PROBLEM DESCRIPTION
This exercise asks for every record to be output again exactly.

EXTRACTED DATA

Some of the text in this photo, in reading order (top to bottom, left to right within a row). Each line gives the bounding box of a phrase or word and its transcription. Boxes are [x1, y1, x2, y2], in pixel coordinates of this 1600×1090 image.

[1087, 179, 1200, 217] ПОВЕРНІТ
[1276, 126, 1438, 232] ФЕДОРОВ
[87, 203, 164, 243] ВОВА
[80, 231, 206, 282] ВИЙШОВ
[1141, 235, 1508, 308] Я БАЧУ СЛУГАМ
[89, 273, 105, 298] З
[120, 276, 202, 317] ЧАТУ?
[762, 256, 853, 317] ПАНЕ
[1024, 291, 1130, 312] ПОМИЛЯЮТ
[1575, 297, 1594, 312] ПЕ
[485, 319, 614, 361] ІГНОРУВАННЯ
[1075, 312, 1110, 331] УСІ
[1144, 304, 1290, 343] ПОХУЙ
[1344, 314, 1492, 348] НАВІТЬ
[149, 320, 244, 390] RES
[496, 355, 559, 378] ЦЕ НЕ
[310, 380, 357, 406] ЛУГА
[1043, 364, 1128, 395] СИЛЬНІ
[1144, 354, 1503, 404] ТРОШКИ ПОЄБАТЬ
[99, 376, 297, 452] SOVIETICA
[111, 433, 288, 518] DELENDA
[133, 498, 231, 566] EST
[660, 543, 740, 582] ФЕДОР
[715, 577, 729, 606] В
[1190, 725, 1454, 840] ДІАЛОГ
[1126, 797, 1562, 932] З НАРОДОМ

SOLUTION TO THIS TASK
Some of the text in this photo, in reading order (top to bottom, left to right within a row). Each line gives the bounding box of a phrase or word and its transcription. Boxes are [x1, y1, x2, y2], in pixel coordinates of this 1600×1090 image.

[1087, 179, 1200, 217] ПОВЕРНІТ
[1276, 126, 1438, 232] ФЕДОРОВ
[87, 203, 164, 243] ВОВА
[80, 231, 206, 282] ВИЙШОВ
[1141, 235, 1508, 308] Я БАЧУ СЛУГАМ
[89, 273, 105, 298] З
[120, 276, 202, 317] ЧАТУ?
[762, 256, 853, 317] ПАНЕ
[1024, 291, 1130, 312] ПОМИЛЯЮТ
[1575, 297, 1594, 312] ПЕ
[485, 319, 614, 361] ІГНОРУВАННЯ
[1075, 312, 1110, 331] УСІ
[1144, 304, 1290, 343] ПОХУЙ
[1344, 314, 1492, 348] НАВІТЬ
[149, 320, 244, 390] RES
[496, 355, 559, 378] ЦЕ НЕ
[310, 380, 357, 406] ЛУГА
[1043, 364, 1128, 395] СИЛЬНІ
[1144, 354, 1503, 404] ТРОШКИ ПОЄБАТЬ
[99, 376, 297, 452] SOVIETICA
[111, 433, 288, 518] DELENDA
[133, 498, 231, 566] EST
[660, 543, 740, 582] ФЕДОР
[715, 577, 729, 606] В
[1190, 725, 1454, 840] ДІАЛОГ
[1126, 797, 1562, 932] З НАРОДОМ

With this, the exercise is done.